As colinas de sílex tornavam-se mais altas e selvagens a cada milha, até se terem transformado em montanhas pelo quinto dia, gigantes frios, azuis-acinzentados, com promontórios irregulares e neve sobre os ombros. Quando o vento soprava do Norte, longas plumas de cristais de gelo voavam dos picos mais altos como se fossem estandartes. Os dedos de Cordyra coçavam por um pincel, ou mesmo um lápis de carvão que pudesse usar para registrar tanta beleza, mas não empacotara nenhum material de pintura para a viagem. Que bem poderiam ter desenhos na guerra? Com as montanhas a fazer às vezes de muro, a oeste, a estrada desviava-se para nor-nordeste através da floresta, uma mistura de carvalhos com sempre-verdes e sarças negras, que parecia mais antiga e sombria que qualquer outra que Cordyra tivesse visto. "Mata de lobos" sabia se chamar, como aquela em que Robb e Bran foram atacados, mas ainda mais inóspita, e, de fato, as noites do grupo eram animadas com os uivos de alcateias distantes, e de outras não tanto assim. O lobo gigante de Cordyra levantava as sobrancelhas ao ouvir os uivos, mas nunca os respondia. Tinha sua própria alcateia em casa.

As chácaras e os castros eram cada vez mais escassos e menores à medida que prosseguiam para o norte, penetrando cada vez mais profundamente na escuridão da mata de lobos, até que finalmente deixou de haver tetos onde pudessem se abrigar, e foram atirados para a necessidade de se valerem de seus próprios recursos.

Cordyra nunca soubera armar uma barraca; nunca precisara. Mas não tinha problema; Benfred Tallhart podia ser um garoto verde, não muito mais velho que ela, cujo pai mandara para o Norte para evitar que tomasse lugar nas guerras ao Sul. Mesmo assim, noite após noite, ensinou a Quent e Hallis como montar uma barraca firme, e a fechar inteira de forma que nenhum vento gelado a invadisse durante a noite.

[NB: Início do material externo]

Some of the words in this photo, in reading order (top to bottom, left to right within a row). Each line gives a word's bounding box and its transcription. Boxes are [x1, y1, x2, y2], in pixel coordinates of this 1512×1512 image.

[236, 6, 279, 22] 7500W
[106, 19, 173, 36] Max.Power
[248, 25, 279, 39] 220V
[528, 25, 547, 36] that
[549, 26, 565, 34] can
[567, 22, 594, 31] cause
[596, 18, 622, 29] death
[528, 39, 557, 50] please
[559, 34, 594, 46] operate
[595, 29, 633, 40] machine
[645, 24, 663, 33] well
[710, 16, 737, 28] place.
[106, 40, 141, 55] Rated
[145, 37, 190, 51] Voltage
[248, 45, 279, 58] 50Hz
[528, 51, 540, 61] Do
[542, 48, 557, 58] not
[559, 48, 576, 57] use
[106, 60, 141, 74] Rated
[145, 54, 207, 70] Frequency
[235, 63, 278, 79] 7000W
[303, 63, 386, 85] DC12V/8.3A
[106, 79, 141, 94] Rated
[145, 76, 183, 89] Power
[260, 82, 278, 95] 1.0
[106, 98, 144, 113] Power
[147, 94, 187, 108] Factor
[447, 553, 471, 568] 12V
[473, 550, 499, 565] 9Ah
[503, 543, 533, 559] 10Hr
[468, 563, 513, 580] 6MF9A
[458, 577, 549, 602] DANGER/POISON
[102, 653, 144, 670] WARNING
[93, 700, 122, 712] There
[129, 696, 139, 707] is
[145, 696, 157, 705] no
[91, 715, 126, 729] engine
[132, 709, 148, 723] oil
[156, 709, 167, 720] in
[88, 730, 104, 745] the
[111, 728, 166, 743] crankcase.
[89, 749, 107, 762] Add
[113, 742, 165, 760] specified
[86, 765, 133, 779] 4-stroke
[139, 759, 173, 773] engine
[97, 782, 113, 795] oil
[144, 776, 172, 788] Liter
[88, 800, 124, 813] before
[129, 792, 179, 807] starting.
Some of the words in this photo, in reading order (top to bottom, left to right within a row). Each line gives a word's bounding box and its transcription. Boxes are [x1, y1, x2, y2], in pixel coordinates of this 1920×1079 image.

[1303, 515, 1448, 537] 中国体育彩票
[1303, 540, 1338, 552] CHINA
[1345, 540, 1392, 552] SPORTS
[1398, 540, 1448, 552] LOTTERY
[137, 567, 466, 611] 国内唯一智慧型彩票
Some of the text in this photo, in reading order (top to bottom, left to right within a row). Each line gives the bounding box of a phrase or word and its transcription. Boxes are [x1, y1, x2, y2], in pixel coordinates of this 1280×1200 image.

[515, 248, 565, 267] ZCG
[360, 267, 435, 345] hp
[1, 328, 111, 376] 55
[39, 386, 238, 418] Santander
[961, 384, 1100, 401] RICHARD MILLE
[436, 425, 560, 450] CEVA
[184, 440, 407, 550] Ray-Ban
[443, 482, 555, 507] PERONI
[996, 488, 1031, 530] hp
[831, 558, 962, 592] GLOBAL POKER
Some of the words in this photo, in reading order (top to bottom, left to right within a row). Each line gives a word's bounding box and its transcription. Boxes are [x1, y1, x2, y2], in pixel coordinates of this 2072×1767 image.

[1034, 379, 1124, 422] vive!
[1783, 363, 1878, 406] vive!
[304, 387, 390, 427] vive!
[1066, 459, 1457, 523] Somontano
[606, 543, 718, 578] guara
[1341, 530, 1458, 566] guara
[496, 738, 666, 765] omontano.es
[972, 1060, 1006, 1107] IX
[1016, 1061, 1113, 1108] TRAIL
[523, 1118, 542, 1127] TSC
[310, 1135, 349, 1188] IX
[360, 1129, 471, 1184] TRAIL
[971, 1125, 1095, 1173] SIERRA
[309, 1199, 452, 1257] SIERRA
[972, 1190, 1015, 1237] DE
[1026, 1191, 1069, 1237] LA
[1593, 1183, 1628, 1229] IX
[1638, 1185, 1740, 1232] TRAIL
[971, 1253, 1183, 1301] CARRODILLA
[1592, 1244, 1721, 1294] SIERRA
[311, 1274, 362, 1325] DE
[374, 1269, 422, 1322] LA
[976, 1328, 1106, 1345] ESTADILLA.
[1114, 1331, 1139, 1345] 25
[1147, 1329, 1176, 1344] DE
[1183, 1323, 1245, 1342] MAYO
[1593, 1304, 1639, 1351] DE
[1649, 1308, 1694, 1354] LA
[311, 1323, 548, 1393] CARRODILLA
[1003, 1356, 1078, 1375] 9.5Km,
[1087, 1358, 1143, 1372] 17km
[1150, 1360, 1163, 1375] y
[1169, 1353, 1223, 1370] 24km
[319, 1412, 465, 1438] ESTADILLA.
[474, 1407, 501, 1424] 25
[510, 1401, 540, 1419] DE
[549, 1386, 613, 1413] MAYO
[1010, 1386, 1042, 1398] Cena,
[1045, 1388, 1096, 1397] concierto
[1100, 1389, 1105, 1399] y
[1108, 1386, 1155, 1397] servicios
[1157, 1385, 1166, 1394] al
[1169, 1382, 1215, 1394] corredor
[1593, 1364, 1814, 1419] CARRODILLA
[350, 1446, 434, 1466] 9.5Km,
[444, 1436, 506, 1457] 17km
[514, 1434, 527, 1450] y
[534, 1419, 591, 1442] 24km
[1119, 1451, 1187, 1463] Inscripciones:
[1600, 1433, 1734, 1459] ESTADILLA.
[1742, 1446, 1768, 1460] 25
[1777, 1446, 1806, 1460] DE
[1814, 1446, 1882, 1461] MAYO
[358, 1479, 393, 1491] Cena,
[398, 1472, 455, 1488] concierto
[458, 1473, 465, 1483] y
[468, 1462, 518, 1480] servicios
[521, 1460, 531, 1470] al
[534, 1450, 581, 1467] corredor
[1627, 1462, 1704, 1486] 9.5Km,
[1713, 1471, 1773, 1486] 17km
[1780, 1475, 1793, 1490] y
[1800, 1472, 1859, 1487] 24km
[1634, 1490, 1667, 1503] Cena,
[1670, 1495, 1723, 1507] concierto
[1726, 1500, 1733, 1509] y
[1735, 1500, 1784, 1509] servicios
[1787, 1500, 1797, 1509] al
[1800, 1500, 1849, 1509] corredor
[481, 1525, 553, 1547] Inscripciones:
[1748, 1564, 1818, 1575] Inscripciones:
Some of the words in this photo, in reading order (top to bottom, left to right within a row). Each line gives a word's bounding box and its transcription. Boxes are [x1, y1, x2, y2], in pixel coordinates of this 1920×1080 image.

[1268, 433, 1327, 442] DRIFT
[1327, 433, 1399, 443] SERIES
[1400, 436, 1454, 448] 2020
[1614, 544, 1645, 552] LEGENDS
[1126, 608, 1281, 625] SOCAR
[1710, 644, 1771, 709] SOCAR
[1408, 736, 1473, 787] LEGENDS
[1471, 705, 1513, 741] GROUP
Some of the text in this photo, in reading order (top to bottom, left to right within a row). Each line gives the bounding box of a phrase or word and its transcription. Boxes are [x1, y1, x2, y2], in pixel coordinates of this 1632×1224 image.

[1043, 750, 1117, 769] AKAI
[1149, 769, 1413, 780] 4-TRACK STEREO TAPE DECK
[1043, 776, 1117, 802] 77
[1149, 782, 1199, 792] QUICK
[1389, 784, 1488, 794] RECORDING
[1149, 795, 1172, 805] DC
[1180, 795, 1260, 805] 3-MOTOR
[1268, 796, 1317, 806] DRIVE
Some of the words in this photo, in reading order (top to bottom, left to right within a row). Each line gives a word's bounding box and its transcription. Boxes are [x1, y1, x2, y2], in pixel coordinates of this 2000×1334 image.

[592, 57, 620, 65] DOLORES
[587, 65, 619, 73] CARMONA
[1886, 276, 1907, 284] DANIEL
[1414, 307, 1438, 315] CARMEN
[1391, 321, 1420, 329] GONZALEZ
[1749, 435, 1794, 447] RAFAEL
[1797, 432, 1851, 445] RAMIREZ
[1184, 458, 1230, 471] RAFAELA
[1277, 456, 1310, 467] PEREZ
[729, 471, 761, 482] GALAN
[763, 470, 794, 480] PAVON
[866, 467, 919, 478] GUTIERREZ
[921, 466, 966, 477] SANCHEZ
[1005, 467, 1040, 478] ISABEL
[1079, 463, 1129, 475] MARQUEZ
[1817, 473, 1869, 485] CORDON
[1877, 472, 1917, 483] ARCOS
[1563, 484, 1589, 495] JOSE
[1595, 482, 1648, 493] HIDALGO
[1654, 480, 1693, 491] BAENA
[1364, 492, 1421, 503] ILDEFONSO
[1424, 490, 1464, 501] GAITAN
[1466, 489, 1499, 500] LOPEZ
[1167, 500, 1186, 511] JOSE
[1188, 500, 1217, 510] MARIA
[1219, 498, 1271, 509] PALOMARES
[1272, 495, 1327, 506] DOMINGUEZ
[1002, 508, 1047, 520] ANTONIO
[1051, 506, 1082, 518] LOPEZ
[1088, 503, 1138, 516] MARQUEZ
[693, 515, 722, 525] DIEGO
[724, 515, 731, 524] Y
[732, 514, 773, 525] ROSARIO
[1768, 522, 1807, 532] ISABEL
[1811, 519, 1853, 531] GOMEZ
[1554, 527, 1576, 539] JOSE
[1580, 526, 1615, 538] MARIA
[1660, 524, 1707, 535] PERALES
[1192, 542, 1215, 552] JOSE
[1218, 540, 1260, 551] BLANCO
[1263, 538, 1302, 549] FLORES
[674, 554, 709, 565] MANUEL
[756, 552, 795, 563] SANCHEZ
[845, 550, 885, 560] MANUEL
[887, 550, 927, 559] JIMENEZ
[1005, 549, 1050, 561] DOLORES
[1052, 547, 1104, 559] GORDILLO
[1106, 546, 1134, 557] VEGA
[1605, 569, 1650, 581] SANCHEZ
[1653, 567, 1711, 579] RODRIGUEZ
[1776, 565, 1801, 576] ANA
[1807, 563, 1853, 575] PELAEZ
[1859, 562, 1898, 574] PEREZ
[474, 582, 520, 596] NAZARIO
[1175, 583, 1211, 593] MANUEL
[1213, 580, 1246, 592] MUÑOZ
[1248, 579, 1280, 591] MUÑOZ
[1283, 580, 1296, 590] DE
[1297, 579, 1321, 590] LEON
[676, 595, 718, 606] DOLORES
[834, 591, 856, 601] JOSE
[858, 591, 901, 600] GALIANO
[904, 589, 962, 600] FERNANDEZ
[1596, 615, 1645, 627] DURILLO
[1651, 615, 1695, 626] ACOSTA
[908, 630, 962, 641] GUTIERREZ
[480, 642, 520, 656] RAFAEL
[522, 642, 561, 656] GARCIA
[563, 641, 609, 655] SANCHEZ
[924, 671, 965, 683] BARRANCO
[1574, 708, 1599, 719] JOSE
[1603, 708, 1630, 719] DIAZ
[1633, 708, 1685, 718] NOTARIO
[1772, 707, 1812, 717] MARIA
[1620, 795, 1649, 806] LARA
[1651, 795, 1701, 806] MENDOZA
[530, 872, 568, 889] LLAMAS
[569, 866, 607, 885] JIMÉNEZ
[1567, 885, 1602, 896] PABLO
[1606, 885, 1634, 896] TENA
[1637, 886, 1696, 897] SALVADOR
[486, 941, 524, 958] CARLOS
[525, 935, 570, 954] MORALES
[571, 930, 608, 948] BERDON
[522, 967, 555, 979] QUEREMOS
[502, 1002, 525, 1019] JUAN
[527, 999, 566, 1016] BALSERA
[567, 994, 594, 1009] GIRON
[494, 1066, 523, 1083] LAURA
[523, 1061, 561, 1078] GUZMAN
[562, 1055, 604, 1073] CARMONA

—A Praça de Torrhen não é tão perto da Estrada do Rei. –Explicou Benfred sobre a sede de sua Casa. –Para qualquer lugar que se queira ir são ao menos três dias diretos na Mata de Lobos. Então aprendemos cedo a montar barracas.

                Cordyra, em sua posição como mulher, jamais tivera a oportunidade de viajar com frequência, como fazia o tio com os dois primos. Robb e Jon frequentemente acompanhavam o lorde Eddard em suas viagens, indo a casa de um lorde ou outro, visitando uma propriedade saqueada, ou gerenciado o plantar de uma colheita. Cordyra sempre esperava em casa, e, portanto, no décimo dia de viagem, suas costas doíam e suas coxas ardiam do passo do cavalo. Não disse nada disso aos companheiros; não queria que pensassem que a senhora de Winterfell era uma garota chorona. Apenas Jocelyn, que dormia na barraca com ela, via suas dores. Durante a noite, passava uma pomada que trouxera consigo nas coxas assadas de Cordyra, e massageada suas costas.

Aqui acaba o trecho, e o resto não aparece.